ASSIGNMENT =>
Retype only the stretch of lines that starts with the line containing "this 1309×1303 image." and ends with the last line of the records, both included, exactly.

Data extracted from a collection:
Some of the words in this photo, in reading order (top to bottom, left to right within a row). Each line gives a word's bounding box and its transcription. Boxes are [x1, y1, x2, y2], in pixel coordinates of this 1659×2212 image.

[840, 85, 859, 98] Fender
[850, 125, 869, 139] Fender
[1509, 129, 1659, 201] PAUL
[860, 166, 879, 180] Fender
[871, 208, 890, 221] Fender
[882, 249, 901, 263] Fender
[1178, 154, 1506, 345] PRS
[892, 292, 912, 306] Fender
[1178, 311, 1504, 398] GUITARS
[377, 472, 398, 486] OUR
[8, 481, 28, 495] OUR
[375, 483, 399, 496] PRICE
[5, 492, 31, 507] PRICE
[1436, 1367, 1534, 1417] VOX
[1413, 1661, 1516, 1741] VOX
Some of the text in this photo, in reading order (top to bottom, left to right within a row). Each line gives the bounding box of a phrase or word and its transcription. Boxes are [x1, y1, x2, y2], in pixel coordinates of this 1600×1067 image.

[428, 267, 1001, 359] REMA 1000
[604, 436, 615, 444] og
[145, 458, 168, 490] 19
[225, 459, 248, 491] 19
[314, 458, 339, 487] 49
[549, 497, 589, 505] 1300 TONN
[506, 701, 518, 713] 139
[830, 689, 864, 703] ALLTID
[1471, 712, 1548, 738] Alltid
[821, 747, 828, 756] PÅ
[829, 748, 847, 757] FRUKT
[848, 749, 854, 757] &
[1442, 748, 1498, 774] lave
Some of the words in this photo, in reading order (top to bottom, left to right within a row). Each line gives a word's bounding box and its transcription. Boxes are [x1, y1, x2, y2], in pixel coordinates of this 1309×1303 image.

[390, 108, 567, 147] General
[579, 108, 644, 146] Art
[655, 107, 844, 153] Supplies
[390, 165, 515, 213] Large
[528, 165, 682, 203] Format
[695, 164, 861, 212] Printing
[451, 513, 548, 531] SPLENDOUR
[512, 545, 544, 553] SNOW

WRITTEN SOLUTION =>
Some of the words in this photo, in reading order (top to bottom, left to right within a row). Each line gives a word's bounding box and its transcription. Boxes are [x1, y1, x2, y2], in pixel coordinates of this 1309×1303 image.

[390, 108, 567, 147] General
[579, 108, 644, 146] Art
[655, 107, 844, 153] Supplies
[390, 165, 515, 213] Large
[528, 165, 682, 203] Format
[695, 164, 861, 212] Printing
[451, 513, 548, 531] SPLENDOUR
[512, 545, 544, 553] SNOW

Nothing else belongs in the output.